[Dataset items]
-----
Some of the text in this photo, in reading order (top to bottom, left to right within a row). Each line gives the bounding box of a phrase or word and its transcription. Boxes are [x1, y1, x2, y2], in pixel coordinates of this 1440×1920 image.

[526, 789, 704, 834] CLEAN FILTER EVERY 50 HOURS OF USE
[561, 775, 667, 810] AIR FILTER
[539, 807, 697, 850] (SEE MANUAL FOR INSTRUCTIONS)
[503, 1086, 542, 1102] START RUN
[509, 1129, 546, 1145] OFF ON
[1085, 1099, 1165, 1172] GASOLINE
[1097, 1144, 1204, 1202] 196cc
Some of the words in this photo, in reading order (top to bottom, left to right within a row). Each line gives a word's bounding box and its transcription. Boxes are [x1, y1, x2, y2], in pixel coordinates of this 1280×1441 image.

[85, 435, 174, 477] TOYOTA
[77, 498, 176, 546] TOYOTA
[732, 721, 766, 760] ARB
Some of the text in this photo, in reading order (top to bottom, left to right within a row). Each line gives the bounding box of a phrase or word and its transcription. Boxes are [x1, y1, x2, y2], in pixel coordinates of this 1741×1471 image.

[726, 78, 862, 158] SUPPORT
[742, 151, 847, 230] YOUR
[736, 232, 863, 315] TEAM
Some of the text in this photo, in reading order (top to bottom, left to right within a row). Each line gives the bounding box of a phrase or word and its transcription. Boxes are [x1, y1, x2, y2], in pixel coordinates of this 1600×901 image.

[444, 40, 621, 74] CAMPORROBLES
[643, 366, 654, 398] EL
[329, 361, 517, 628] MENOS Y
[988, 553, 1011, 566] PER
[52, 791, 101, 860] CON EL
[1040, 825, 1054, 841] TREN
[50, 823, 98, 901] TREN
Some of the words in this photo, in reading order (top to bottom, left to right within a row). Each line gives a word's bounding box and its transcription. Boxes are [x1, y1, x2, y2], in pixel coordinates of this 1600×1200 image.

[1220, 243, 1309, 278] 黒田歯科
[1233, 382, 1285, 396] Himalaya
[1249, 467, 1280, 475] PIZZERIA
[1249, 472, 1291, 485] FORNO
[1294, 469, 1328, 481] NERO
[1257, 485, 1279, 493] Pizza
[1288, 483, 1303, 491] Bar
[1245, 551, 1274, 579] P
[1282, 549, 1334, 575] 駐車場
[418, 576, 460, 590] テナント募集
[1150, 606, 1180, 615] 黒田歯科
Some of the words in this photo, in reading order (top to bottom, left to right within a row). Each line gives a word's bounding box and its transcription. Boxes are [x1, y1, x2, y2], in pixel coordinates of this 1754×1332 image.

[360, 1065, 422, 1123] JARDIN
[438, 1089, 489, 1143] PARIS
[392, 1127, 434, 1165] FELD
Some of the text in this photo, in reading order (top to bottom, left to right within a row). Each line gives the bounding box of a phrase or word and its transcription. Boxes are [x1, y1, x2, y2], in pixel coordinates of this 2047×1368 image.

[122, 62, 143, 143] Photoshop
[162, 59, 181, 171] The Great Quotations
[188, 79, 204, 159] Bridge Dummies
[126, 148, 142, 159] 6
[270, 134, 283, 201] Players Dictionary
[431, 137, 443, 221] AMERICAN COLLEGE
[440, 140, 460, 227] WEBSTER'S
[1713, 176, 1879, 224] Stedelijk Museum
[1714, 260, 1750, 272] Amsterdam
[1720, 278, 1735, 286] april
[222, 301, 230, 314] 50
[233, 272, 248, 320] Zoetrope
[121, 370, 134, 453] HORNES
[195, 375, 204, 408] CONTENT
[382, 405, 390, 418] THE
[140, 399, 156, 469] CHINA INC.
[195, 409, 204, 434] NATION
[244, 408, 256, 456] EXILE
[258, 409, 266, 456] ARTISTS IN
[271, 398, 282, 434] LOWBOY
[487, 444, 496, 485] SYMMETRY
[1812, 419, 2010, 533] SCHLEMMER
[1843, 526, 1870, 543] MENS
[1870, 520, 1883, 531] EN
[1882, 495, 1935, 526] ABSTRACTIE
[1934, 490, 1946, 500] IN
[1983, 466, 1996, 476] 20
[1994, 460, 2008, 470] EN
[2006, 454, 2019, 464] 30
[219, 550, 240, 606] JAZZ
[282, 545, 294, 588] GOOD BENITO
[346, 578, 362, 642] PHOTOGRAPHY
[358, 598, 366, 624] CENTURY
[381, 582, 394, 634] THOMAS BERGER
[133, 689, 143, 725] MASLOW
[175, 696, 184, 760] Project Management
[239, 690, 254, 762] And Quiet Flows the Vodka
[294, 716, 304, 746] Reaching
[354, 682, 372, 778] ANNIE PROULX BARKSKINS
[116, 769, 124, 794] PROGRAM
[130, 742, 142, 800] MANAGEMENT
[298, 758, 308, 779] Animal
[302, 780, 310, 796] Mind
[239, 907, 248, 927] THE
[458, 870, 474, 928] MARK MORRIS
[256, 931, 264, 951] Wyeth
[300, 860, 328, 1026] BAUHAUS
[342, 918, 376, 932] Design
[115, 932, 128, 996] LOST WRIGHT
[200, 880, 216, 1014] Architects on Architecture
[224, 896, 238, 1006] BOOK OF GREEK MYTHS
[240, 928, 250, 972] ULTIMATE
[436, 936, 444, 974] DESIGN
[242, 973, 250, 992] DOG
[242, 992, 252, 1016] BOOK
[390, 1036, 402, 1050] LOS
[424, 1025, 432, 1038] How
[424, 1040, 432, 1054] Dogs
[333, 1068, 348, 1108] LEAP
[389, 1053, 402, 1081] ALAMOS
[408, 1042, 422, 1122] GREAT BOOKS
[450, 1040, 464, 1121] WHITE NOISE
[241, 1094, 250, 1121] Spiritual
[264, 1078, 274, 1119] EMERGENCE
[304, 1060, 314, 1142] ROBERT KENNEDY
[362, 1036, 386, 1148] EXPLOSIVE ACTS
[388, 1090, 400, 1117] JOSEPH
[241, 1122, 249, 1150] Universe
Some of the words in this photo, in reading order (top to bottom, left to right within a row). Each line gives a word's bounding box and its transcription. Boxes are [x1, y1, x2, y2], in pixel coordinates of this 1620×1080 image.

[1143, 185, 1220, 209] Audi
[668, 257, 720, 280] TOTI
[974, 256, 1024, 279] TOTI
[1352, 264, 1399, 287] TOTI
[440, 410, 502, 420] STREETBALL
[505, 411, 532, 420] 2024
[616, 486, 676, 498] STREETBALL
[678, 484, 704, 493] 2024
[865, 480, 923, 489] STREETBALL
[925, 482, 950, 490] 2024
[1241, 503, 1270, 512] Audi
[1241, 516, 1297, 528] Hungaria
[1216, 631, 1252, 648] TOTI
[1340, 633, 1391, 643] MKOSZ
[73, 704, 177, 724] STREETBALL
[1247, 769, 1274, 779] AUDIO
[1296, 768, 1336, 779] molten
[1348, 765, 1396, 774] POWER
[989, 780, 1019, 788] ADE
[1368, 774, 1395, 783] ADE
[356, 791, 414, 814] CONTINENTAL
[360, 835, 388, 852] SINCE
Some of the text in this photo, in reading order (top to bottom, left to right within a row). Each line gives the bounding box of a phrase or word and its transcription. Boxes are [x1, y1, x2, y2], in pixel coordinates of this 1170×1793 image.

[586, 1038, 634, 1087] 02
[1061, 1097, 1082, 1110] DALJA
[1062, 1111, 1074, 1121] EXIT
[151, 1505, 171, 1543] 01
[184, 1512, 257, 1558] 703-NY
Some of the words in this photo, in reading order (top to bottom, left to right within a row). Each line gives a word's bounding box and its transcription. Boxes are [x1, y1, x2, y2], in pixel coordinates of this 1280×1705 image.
-----
The problem
Could you give the records again, exactly as they appear?

Solution for this exercise
Some of the text in this photo, in reading order (top to bottom, left to right within a row). Each line gives the bounding box of a phrase or word and its transcription. Boxes are [x1, y1, x2, y2], in pixel coordinates of this 1440×1920 image.

[526, 789, 704, 834] CLEAN FILTER EVERY 50 HOURS OF USE
[561, 775, 667, 810] AIR FILTER
[539, 807, 697, 850] (SEE MANUAL FOR INSTRUCTIONS)
[503, 1086, 542, 1102] START RUN
[509, 1129, 546, 1145] OFF ON
[1085, 1099, 1165, 1172] GASOLINE
[1097, 1144, 1204, 1202] 196cc
Some of the words in this photo, in reading order (top to bottom, left to right within a row). Each line gives a word's bounding box and its transcription. Boxes are [x1, y1, x2, y2], in pixel coordinates of this 1280×1441 image.

[85, 435, 174, 477] TOYOTA
[77, 498, 176, 546] TOYOTA
[732, 721, 766, 760] ARB
Some of the text in this photo, in reading order (top to bottom, left to right within a row). Each line gives the bounding box of a phrase or word and its transcription. Boxes are [x1, y1, x2, y2], in pixel coordinates of this 1741×1471 image.

[726, 78, 862, 158] SUPPORT
[742, 151, 847, 230] YOUR
[736, 232, 863, 315] TEAM
Some of the text in this photo, in reading order (top to bottom, left to right within a row). Each line gives the bounding box of a phrase or word and its transcription. Boxes are [x1, y1, x2, y2], in pixel coordinates of this 1600×901 image.

[444, 40, 621, 74] CAMPORROBLES
[643, 366, 654, 398] EL
[329, 361, 517, 628] MENOS Y
[988, 553, 1011, 566] PER
[52, 791, 101, 860] CON EL
[1040, 825, 1054, 841] TREN
[50, 823, 98, 901] TREN
Some of the words in this photo, in reading order (top to bottom, left to right within a row). Each line gives a word's bounding box and its transcription. Boxes are [x1, y1, x2, y2], in pixel coordinates of this 1600×1200 image.

[1220, 243, 1309, 278] 黒田歯科
[1233, 382, 1285, 396] Himalaya
[1249, 467, 1280, 475] PIZZERIA
[1249, 472, 1291, 485] FORNO
[1294, 469, 1328, 481] NERO
[1257, 485, 1279, 493] Pizza
[1288, 483, 1303, 491] Bar
[1245, 551, 1274, 579] P
[1282, 549, 1334, 575] 駐車場
[418, 576, 460, 590] テナント募集
[1150, 606, 1180, 615] 黒田歯科
Some of the words in this photo, in reading order (top to bottom, left to right within a row). Each line gives a word's bounding box and its transcription. Boxes are [x1, y1, x2, y2], in pixel coordinates of this 1754×1332 image.

[360, 1065, 422, 1123] JARDIN
[438, 1089, 489, 1143] PARIS
[392, 1127, 434, 1165] FELD
Some of the text in this photo, in reading order (top to bottom, left to right within a row). Each line gives the bounding box of a phrase or word and its transcription. Boxes are [x1, y1, x2, y2], in pixel coordinates of this 2047×1368 image.

[122, 62, 143, 143] Photoshop
[162, 59, 181, 171] The Great Quotations
[188, 79, 204, 159] Bridge Dummies
[126, 148, 142, 159] 6
[270, 134, 283, 201] Players Dictionary
[431, 137, 443, 221] AMERICAN COLLEGE
[440, 140, 460, 227] WEBSTER'S
[1713, 176, 1879, 224] Stedelijk Museum
[1714, 260, 1750, 272] Amsterdam
[1720, 278, 1735, 286] april
[222, 301, 230, 314] 50
[233, 272, 248, 320] Zoetrope
[121, 370, 134, 453] HORNES
[195, 375, 204, 408] CONTENT
[382, 405, 390, 418] THE
[140, 399, 156, 469] CHINA INC.
[195, 409, 204, 434] NATION
[244, 408, 256, 456] EXILE
[258, 409, 266, 456] ARTISTS IN
[271, 398, 282, 434] LOWBOY
[487, 444, 496, 485] SYMMETRY
[1812, 419, 2010, 533] SCHLEMMER
[1843, 526, 1870, 543] MENS
[1870, 520, 1883, 531] EN
[1882, 495, 1935, 526] ABSTRACTIE
[1934, 490, 1946, 500] IN
[1983, 466, 1996, 476] 20
[1994, 460, 2008, 470] EN
[2006, 454, 2019, 464] 30
[219, 550, 240, 606] JAZZ
[282, 545, 294, 588] GOOD BENITO
[346, 578, 362, 642] PHOTOGRAPHY
[358, 598, 366, 624] CENTURY
[381, 582, 394, 634] THOMAS BERGER
[133, 689, 143, 725] MASLOW
[175, 696, 184, 760] Project Management
[239, 690, 254, 762] And Quiet Flows the Vodka
[294, 716, 304, 746] Reaching
[354, 682, 372, 778] ANNIE PROULX BARKSKINS
[116, 769, 124, 794] PROGRAM
[130, 742, 142, 800] MANAGEMENT
[298, 758, 308, 779] Animal
[302, 780, 310, 796] Mind
[239, 907, 248, 927] THE
[458, 870, 474, 928] MARK MORRIS
[256, 931, 264, 951] Wyeth
[300, 860, 328, 1026] BAUHAUS
[342, 918, 376, 932] Design
[115, 932, 128, 996] LOST WRIGHT
[200, 880, 216, 1014] Architects on Architecture
[224, 896, 238, 1006] BOOK OF GREEK MYTHS
[240, 928, 250, 972] ULTIMATE
[436, 936, 444, 974] DESIGN
[242, 973, 250, 992] DOG
[242, 992, 252, 1016] BOOK
[390, 1036, 402, 1050] LOS
[424, 1025, 432, 1038] How
[424, 1040, 432, 1054] Dogs
[333, 1068, 348, 1108] LEAP
[389, 1053, 402, 1081] ALAMOS
[408, 1042, 422, 1122] GREAT BOOKS
[450, 1040, 464, 1121] WHITE NOISE
[241, 1094, 250, 1121] Spiritual
[264, 1078, 274, 1119] EMERGENCE
[304, 1060, 314, 1142] ROBERT KENNEDY
[362, 1036, 386, 1148] EXPLOSIVE ACTS
[388, 1090, 400, 1117] JOSEPH
[241, 1122, 249, 1150] Universe
Some of the words in this photo, in reading order (top to bottom, left to right within a row). Each line gives a word's bounding box and its transcription. Boxes are [x1, y1, x2, y2], in pixel coordinates of this 1620×1080 image.

[1143, 185, 1220, 209] Audi
[668, 257, 720, 280] TOTI
[974, 256, 1024, 279] TOTI
[1352, 264, 1399, 287] TOTI
[440, 410, 502, 420] STREETBALL
[505, 411, 532, 420] 2024
[616, 486, 676, 498] STREETBALL
[678, 484, 704, 493] 2024
[865, 480, 923, 489] STREETBALL
[925, 482, 950, 490] 2024
[1241, 503, 1270, 512] Audi
[1241, 516, 1297, 528] Hungaria
[1216, 631, 1252, 648] TOTI
[1340, 633, 1391, 643] MKOSZ
[73, 704, 177, 724] STREETBALL
[1247, 769, 1274, 779] AUDIO
[1296, 768, 1336, 779] molten
[1348, 765, 1396, 774] POWER
[989, 780, 1019, 788] ADE
[1368, 774, 1395, 783] ADE
[356, 791, 414, 814] CONTINENTAL
[360, 835, 388, 852] SINCE
Some of the text in this photo, in reading order (top to bottom, left to right within a row). Each line gives the bounding box of a phrase or word and its transcription. Boxes are [x1, y1, x2, y2], in pixel coordinates of this 1170×1793 image.

[586, 1038, 634, 1087] 02
[1061, 1097, 1082, 1110] DALJA
[1062, 1111, 1074, 1121] EXIT
[151, 1505, 171, 1543] 01
[184, 1512, 257, 1558] 703-NY
Some of the words in this photo, in reading order (top to bottom, left to right within a row). Each line gives a word's bounding box and its transcription. Boxes are [x1, y1, x2, y2], in pixel coordinates of this 1280×1705 image.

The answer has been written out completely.